En marge de cette visite, d’importantes conventions allant dans le sens du raffermissement et de la consolidation des liens de coopération ont été paraphées. En matière d’enseignement et de formation, il s’agit en l’occurrence de l’accord entre l’Universiapolis-Université internationale d’Agadir et l’Institut Berthe et Jean et de la convention entre le ministère du Travail, de l’emploi et de la formation professionnelle du Gabon et l’Office de la formation professionnelle et de la promotion du travail (OFPPT) du Maroc.
En effet, guidé par les Orientations royales, l’Office s’est inscrit, depuis une dizaine d’années, dans une logique d’élargissement du champ de partenariat à d’autres opérateurs de formation de pays étrangers. Conscient de l’apport positif de la coopération dans le processus de mise à niveau de son dispositif de formation et la volonté d’exporter son expertise, l’OFPPT a conclu de nombreuses conventions avec des pays africains, tels que la Mauritanie, le Burkina Faso, le Cameroun, la Guinée Équatoriale, le Sénégal, le Tchad...
La dernière en date est celle signée, le 23 mai 2014, entre l’OFPPT et le département gabonais, à l’occasion du troisième New York Forum Africa 2014. Cette convention, qui s’inscrit dans le cadre de la mise en œuvre de l’accord signé entre les deux parties, devant Sa Majesté le Roi, au Gabon, le 7 mars 2014, porte essentiellement sur l’accompagnement de l’OFPPT au ministère gabonais pour l’intégration des technologies de l’information dans le système de formation professionnelle.
L’expérience marocaine accumulée depuis plusieurs décennies dans le domaine de la formation professionnelle et de l’enseignement supérieur servira de base solide pour accompagner les compétences des pays du continent afin de relever les défis de demain.

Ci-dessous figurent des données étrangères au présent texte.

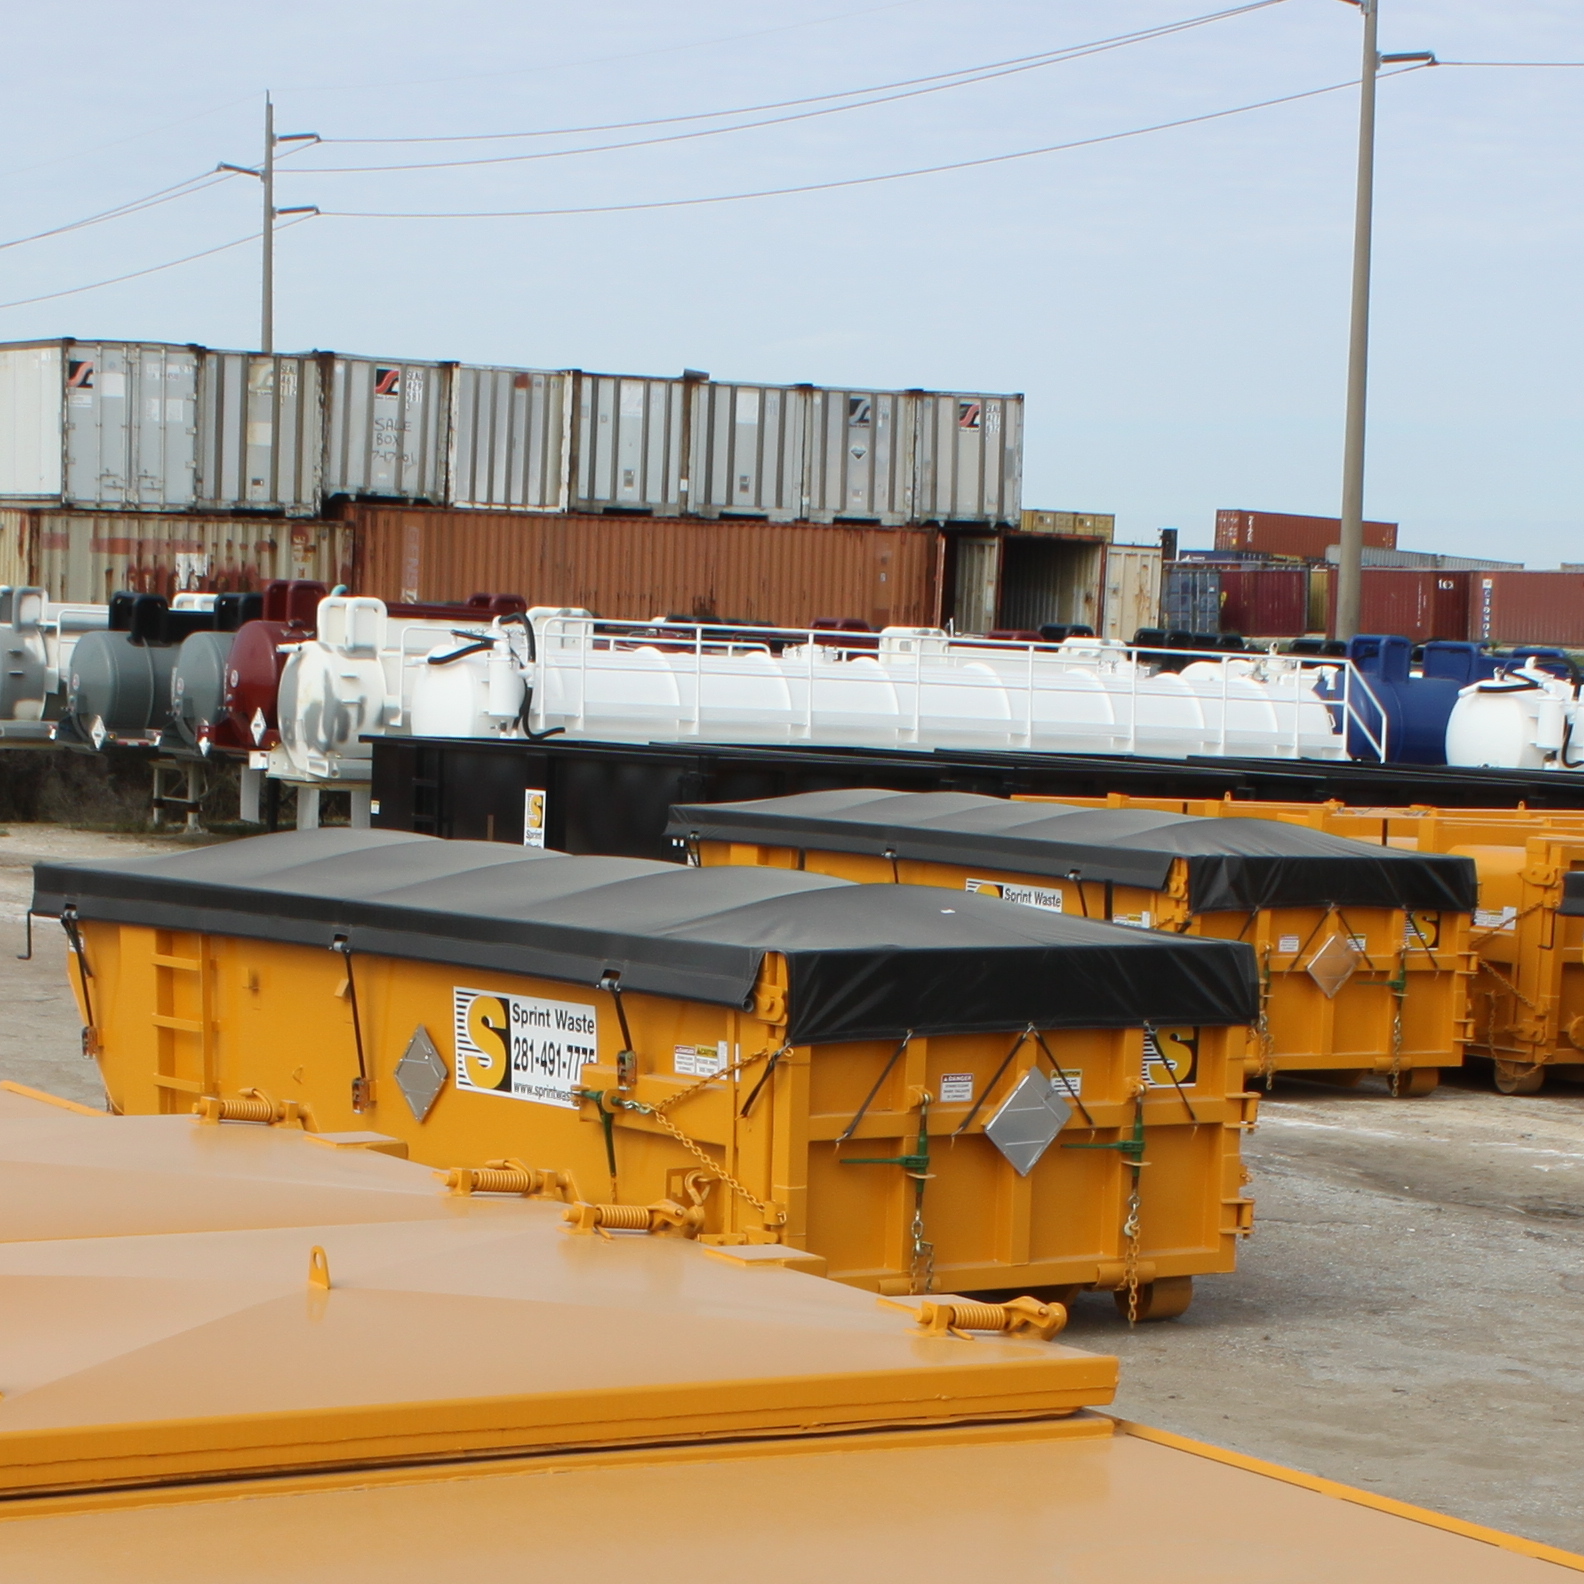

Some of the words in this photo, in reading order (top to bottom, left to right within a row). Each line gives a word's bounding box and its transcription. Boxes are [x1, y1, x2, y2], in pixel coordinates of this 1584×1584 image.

Questions à mouna chentoufi, responsable communication - UIR
«Notre objectif est d’attirer un très grand nombre d’étudiants africains»
Pourquoi avoir entrepris cette initiative d’ouverture vers l’Afrique ?
L’Université internationale de Rabat a pour ambition de devenir un hub régional pour l’enseignement supérieur. Dans ce sens, et conformément aux Instructions Royales, l’UIR a entrepris des actions de promotion vers les pays du sud du continent africain.
Depuis 2010, le recrutement des étudiants à l’UIR se fait à l’échelle nationale, mais aussi à l’international, notamment à l’échelle africaine, grâce à des campagnes de communication menées sur place, à travers des visites de lycées et des campagnes d’information réalisées par les équipes de l’UIR dans un certain nombre de pays africains, à savoir le Sénégal, le Gabon, la République du Congo ainsi que la Côte d’Ivoire.
L’objectif de cette démarche étant de répondre aux très grands besoins en termes de formation pour ces pays qui rencontrent les mêmes préoccupations que le Maroc. Ainsi, l’UIR propose des formations de pointe dans le domaine des énergies renouvelables et études pétrolières, de la logistique, de l’aéronautique, de l’informatique, de l’actuariat, etc. qui sont autant de formations très recherchées par les étudiants et le marché du travail africain. La dimension internationale au sein de la communauté étudiante se ressent ainsi d’année en année.
Nous comptons aujourd’hui parmi les étudiants de l’UIR des étudiants français, égyptiens, sénégalais, camerounais… Le nombre des étudiants étrangers est en constante croissance, et nous espérons et mettons tout en œuvre pour que cela continue ainsi.
Quelles sont vos perspectives de développement du partenariat Sud-Sud ?
Notre objectif est d’attirer un très grand nombre d’étudiants africains pour que ceux-ci représentent plus de 10% de nos effectifs. Nous souhaiterions également engager des collaborations avec des universités africaines et mener des activités de recherche sur des thématiques à forte valeur ajoutée pour le continent.